My mom asked me this question while we were out to dinner about two months ago. The restaurant speakers were playing “The Ghost Inside” from Broken Bells’ self-titled debut. She was visibly into it, focused and bobbing her head along to the beat. I considered the popularity of Broken Bells and concluded all too soon that no, disco was not making a comeback. Yet with the recent release followup album “After the Disco,” I find myself ready to revisit the once-contested connection between Broken Bells and the bygone genre.
Title track “After the Disco” explicitly hints at some sort of disco revitalization. This track is perhaps also most aligned with any original disco song, with lamenting, vague vocals overlaying a heavily electronic and synthetic palm-muted guitar sound. “Leave It Alone,” which opens with acoustic guitar and introduces a trap set at the two-minute mark, still incorporates a bed of electronic melodic embellishments. The opening track, “Perfect World,” is particularly upbeat and dance-oriented. Though James Mercer’s vocals are repetitive, and featured more than on other songs on either of the group’s albums, Brian Burton (better known as “Danger Mouse”) still finds a melodic equivalent through either the keyboard or guitar. In fact, every song incorporates at least one of these conventions via highly synthesized elements.
When Broken Bells emerged in 2010, it brought the highly critical “indiesphere” to a screeching halt. The album was, to almost everyone, a perfect project which sounded everything but sloppy. It was pristine, tight and original. The pairing of Mercer and Burton was both surprising and exciting. Where Mercer was otherwise known for his role as beloved frontman of indie-rock powerhouse The Shins, Burton’s main role as a musician and producer of a number of critically acclaimed and diverse artists, from Beck to the Black Keys, added diversity to the already overflowing pot of possibilities.
Half of the fun in Broken Bells remains this idea of the collaborative project: combining talented, multifaceted musicians to create an entirely new sound. Though my mom responded to a disco quality in “The Ghost Inside,” I stand with my earlier statement. There is no way of determining, even after the release of this second album, whether or not the vision of Broken Bells marks any sort of broader disco-inspired trend, simply because the sound remains so unique to the duo. I doubt any other artists could perfect and make original sound so perfectly. If Broken Bells is doing something with disco, it is doing something entirely different from the genre’s hallmarks.

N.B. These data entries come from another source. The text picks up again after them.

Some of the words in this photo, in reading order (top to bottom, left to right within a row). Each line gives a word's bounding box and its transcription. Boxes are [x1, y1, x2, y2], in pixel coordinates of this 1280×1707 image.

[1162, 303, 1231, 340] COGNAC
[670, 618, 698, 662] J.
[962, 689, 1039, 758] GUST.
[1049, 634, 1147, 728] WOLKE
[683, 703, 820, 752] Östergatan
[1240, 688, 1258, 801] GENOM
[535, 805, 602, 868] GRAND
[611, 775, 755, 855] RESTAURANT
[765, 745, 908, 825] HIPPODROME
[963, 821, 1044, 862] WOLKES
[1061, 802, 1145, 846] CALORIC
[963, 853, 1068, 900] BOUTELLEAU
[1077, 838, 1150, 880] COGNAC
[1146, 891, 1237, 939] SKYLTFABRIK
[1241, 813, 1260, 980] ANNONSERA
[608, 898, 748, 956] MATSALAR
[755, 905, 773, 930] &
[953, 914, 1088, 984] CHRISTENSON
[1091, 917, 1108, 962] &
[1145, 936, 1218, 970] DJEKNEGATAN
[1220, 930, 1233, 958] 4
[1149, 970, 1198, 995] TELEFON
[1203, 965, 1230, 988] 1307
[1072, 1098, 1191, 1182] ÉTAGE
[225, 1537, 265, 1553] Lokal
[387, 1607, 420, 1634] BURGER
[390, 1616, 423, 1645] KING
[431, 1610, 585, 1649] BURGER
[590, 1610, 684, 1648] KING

The instant James Mercer and Brian Burton formed Broken Bells, they crafted a distinct sound which captured quirks of each artist — be it Mercer’s distinct voice or Burton’s ability to consistently maintain multi-instrumental balance without overcrowding a distinct melody. “Disco” is just as exciting as Broken Bells’ first LP; just like that aforementioned debut, each song is remarkable.

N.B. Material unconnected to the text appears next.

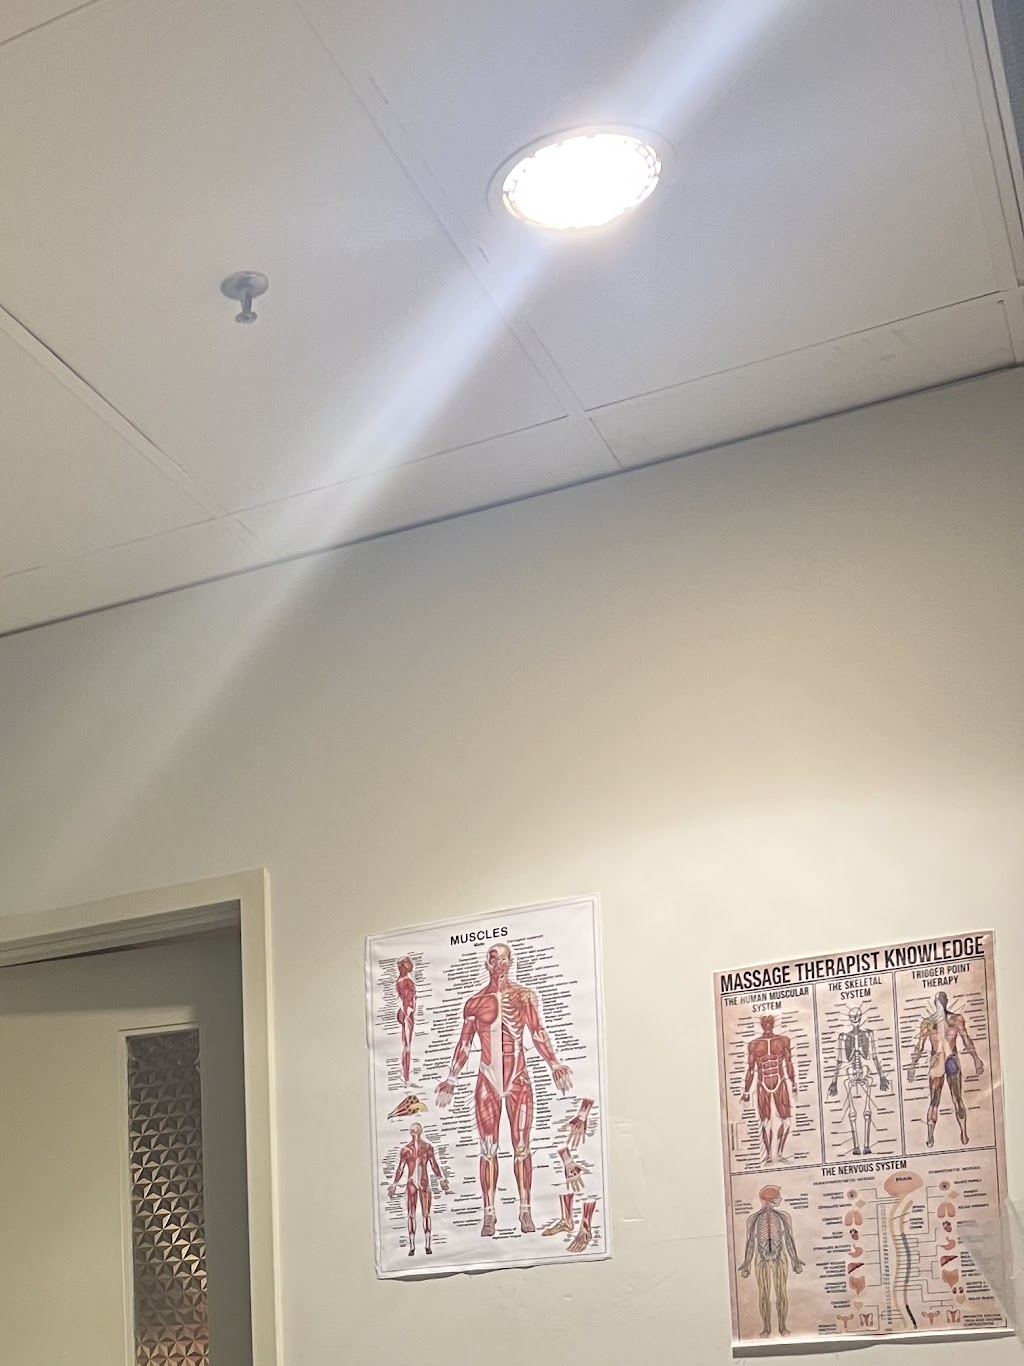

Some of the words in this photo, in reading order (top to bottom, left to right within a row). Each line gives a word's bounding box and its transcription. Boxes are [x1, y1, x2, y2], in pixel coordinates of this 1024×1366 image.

However, perhaps the weakest of this release is final track, “The Remains of Rock and Roll,” which demands a pitch too high of Mercer and delivers inconsistent instrumentation, with sways of uncreative strings and a seemingly random and abrasive electric guitar solo.
Having said that, it was to a loyal and nervous critical audience that Broken Bells released its second studio album, and the song is hardly bad. Broken Bells at its worst is any other unlikely duo at its best. Long live disc- … or, whatever this is.